Saturday, January 1, 2011

January

Monthly goals.  That is my plan. We will see if I get through 12.  It is iffy but the idea for me with this is to not look too far ahead which is why I am doing this monthly.  So here goes January.
I love food.  I do.  I wish I didn't.  I wish I was like my dad who enjoys food but in the end can sort of take it or leave it.  Unfortunately, I didn't really quite get how much I loved food until recently.  As you know if you have read any of this blog lately, I have been sick a lot this fall.  Really the only benefit of getting sick, is that you just don't feel like eating.  Nothing sounds good.  The result is your stomach shrinks.  This happened to me.  I started losing weight. 
     Now, I have been exercising more regularly since my last child was born almost 4 years ago.  I even went through a period where I exercised 3-5 times a week.  That is a lot when you work, raise 3 kids, 2 pets and a husband.  I lost 2 sizes.  I did not go under my regular weight.  There was nothing I could do seemingly to lose a few extra pounds.  And just when I might have started to lose a pound, I stopped exercising.  Summer came, I got busy, it wasn't a priority.  That was almost 2 years ago.  Since then, I have fluctuated with my weight by a couple of pounds but never gone below that number.  Until this fall.  I lost a pound, then another and another and it became 5 pounds.  Amazing for me.  I wasn't exercising.  I hadn't exercised at all because of being sick but I was eating less.  And when I started feeling better, I made a conscious effort to continue to eat less.  And it felt good and I knew if I added exercise, it would be even better.

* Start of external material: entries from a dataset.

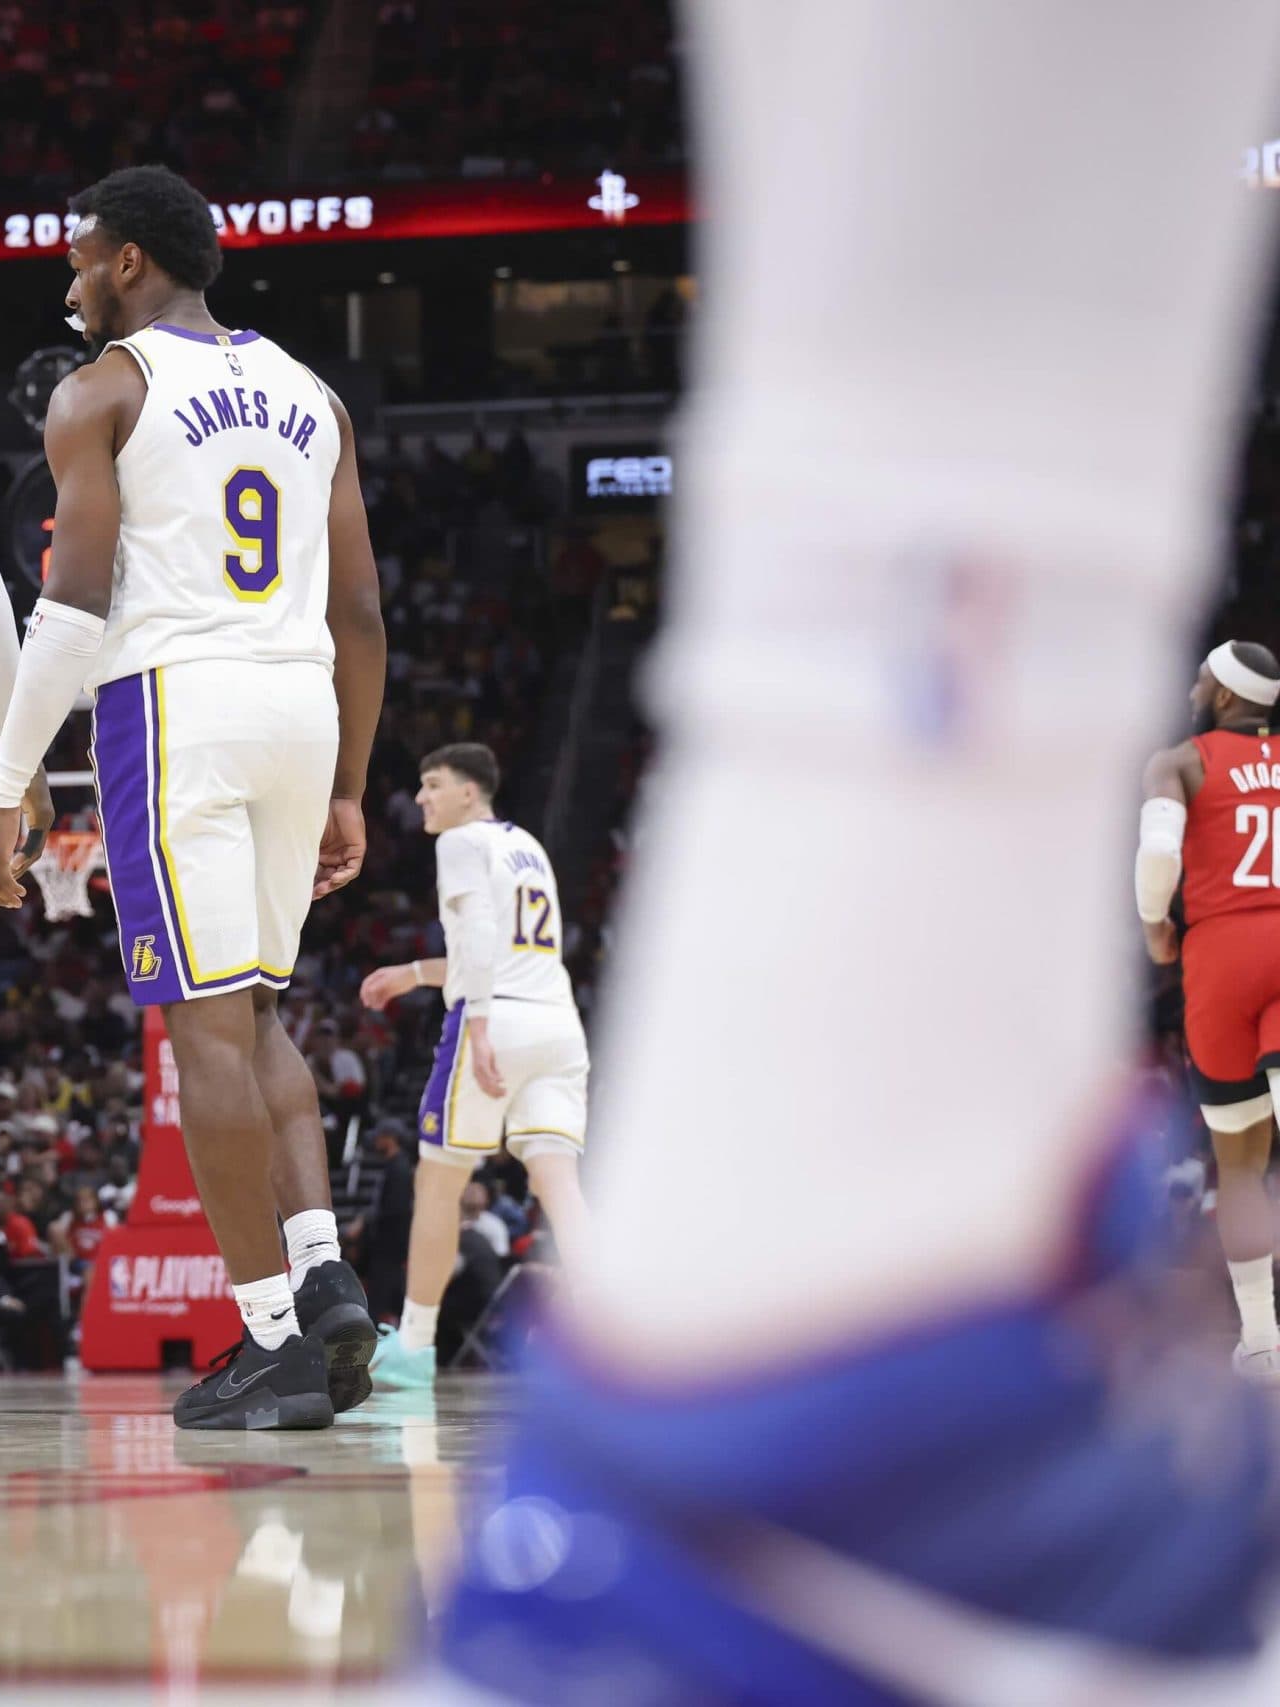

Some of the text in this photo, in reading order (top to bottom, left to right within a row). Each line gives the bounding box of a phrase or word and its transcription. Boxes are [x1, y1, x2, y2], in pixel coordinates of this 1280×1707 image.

[206, 196, 374, 237] AYOFFS
[173, 387, 318, 459] JAMES JR.
[222, 464, 283, 603] 9
[1232, 803, 1280, 889] 2
[512, 884, 557, 954] 12

     Last week, we had pizza.  I ate 2 pieces and 1 cheesy bread.  And I felt full.  Full.  That is hardly any pizza.  I can usually eat way more than that.  But I was full.  And I felt kind of sad.  Because it was good and I wanted more.  I knew I should stop so I did.  But I had that moment of sadness and then a moment of realization at how much I really love food.  How silly to be sad because I couldn't eat more.  I should be happy.  After all, it helped me lose weight.  I don't need another piece of pizza.  That's when I realized how much I really loved food in an unhealthy way.  Something I needed to change.

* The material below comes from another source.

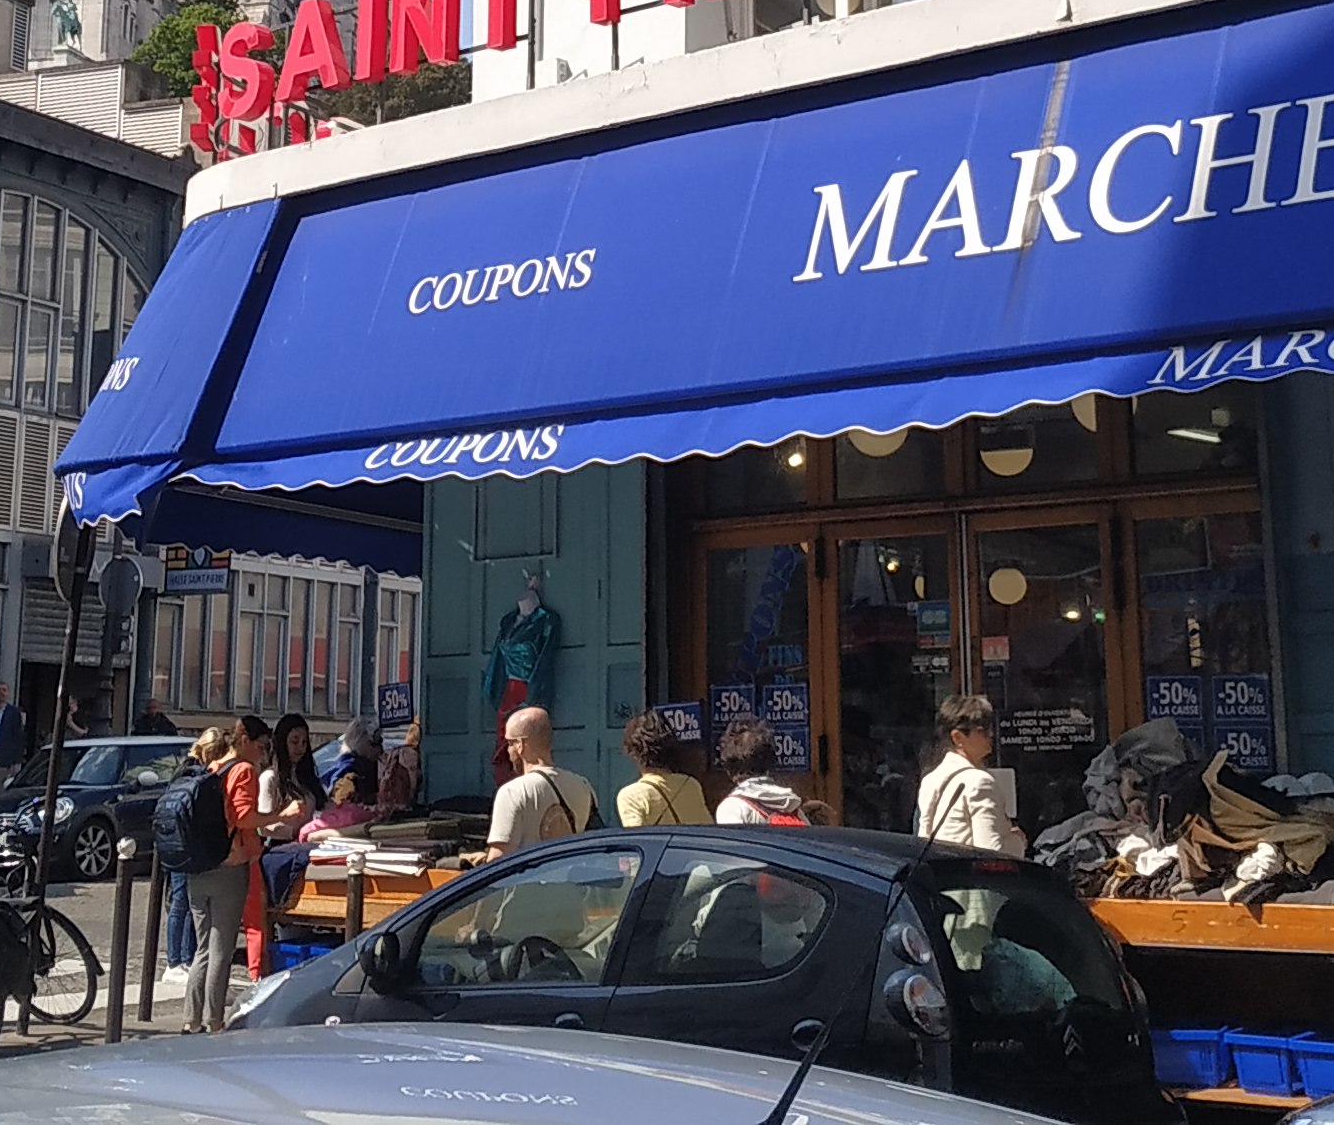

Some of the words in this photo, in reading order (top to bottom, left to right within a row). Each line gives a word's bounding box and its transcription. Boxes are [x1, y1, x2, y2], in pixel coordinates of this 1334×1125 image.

     I have 1 more thing to add to the story. Stay with me....this does have something to do with my January resolution.   After Thanksgiving, when I still wasn't feeling well, I got kind of tired of goodies.  I think part of it was that I hadn't been eating them and part was that I got inundated with them with it being the holidays.  I started thinking maybe I should take a time out from sugar in January.  But I have to be honest, the thought kind of panics me.  I am not really an all or nothing kind of person.  The minute I start "depriving" myself, is the very minute I start wanting it more.  If it were health related I could do it.  I have done it.  I got rid of peanuts, peanut butter, all my favorite candies and cookies and recipes because of my sons allergy.  I can do it if I had to.  But the problem is, I don't really have to.  It isn't life or death.  But I still feel like I need to take a break from sugar.  So do I avoid it during the week and allow myself to eat it on the weekends, do I allow myself 1 day or 2?  These were things I have been thinking about and praying about because I know myself.  I needed a cheat.  And then it came to me, a cheat.  I need a cheat for myself to try this.  I know my body would be better in the long run to completely get rid of it, but my heart can't quite wrap itself around that.  Even just thinking about it this week, I think I have gained back the 5 pounds that I lost eating over Christmas and New Years. 

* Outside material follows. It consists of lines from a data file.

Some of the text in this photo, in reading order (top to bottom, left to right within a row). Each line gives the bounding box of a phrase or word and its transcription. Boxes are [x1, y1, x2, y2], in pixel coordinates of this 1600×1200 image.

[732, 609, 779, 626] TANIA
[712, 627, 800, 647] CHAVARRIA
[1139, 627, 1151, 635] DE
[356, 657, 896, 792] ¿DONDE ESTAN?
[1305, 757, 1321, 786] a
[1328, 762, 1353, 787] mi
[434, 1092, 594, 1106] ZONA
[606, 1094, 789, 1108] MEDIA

     So my January goals are: eat smaller portions and cut out sweets - with 4 cheats.  The cheat can be a mocha or a hershey's kiss or a cookie but each one will count and if I do it all on monday then I have to wait until the next monday rolls around.  I am starting this monday.  Feel free to pray for me:-)
     If you have any New Year's resolutions or weight loss issues that you want prayer for, please let me know.  I know what a struggle this can be and how helpful it is when people are supporting you through it.